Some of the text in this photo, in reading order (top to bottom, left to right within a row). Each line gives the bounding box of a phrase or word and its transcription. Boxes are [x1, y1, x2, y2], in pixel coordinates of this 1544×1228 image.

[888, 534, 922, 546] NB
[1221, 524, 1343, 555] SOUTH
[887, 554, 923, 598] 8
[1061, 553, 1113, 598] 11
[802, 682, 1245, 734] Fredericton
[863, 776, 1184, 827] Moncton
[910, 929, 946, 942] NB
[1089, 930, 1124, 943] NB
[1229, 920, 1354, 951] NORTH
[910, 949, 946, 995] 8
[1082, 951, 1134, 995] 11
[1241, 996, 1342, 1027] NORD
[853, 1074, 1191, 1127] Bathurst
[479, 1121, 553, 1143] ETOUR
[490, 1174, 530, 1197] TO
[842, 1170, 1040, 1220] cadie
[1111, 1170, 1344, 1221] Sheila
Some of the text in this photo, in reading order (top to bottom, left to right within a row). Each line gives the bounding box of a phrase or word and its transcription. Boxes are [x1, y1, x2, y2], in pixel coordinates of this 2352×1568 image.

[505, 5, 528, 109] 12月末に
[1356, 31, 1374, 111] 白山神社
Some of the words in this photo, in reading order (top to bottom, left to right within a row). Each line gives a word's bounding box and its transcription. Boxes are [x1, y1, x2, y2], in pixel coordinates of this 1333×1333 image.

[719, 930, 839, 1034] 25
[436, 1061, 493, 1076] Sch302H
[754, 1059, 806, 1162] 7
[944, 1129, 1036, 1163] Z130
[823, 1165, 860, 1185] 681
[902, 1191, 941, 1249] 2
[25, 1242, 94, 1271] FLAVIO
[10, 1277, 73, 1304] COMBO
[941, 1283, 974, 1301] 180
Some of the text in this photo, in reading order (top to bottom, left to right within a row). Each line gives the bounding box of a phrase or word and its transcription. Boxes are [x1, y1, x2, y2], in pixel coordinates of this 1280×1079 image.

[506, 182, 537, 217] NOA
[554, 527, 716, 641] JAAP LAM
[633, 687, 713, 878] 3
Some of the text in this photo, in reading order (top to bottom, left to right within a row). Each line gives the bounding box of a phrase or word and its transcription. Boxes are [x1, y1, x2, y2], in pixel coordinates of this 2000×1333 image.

- - - - - - -

Each entry in the listing is to be copied exactly.

Some of the text in this photo, in reading order (top to bottom, left to right within a row). Each line gives the bounding box of a phrase or word and its transcription. Boxes are [x1, y1, x2, y2], in pixel coordinates of this 1544×1228 image.

[888, 534, 922, 546] NB
[1221, 524, 1343, 555] SOUTH
[887, 554, 923, 598] 8
[1061, 553, 1113, 598] 11
[802, 682, 1245, 734] Fredericton
[863, 776, 1184, 827] Moncton
[910, 929, 946, 942] NB
[1089, 930, 1124, 943] NB
[1229, 920, 1354, 951] NORTH
[910, 949, 946, 995] 8
[1082, 951, 1134, 995] 11
[1241, 996, 1342, 1027] NORD
[853, 1074, 1191, 1127] Bathurst
[479, 1121, 553, 1143] ETOUR
[490, 1174, 530, 1197] TO
[842, 1170, 1040, 1220] cadie
[1111, 1170, 1344, 1221] Sheila
Some of the text in this photo, in reading order (top to bottom, left to right within a row). Each line gives the bounding box of a phrase or word and its transcription. Boxes are [x1, y1, x2, y2], in pixel coordinates of this 2352×1568 image.

[505, 5, 528, 109] 12月末に
[1356, 31, 1374, 111] 白山神社
Some of the words in this photo, in reading order (top to bottom, left to right within a row). Each line gives a word's bounding box and its transcription. Boxes are [x1, y1, x2, y2], in pixel coordinates of this 1333×1333 image.

[719, 930, 839, 1034] 25
[436, 1061, 493, 1076] Sch302H
[754, 1059, 806, 1162] 7
[944, 1129, 1036, 1163] Z130
[823, 1165, 860, 1185] 681
[902, 1191, 941, 1249] 2
[25, 1242, 94, 1271] FLAVIO
[10, 1277, 73, 1304] COMBO
[941, 1283, 974, 1301] 180
Some of the text in this photo, in reading order (top to bottom, left to right within a row). Each line gives the bounding box of a phrase or word and its transcription. Boxes are [x1, y1, x2, y2], in pixel coordinates of this 1280×1079 image.

[506, 182, 537, 217] NOA
[554, 527, 716, 641] JAAP LAM
[633, 687, 713, 878] 3
Some of the text in this photo, in reading order (top to bottom, left to right within a row). Each line gives the bounding box of a phrase or word and its transcription. Boxes are [x1, y1, x2, y2], in pixel coordinates of this 2000×1333 image.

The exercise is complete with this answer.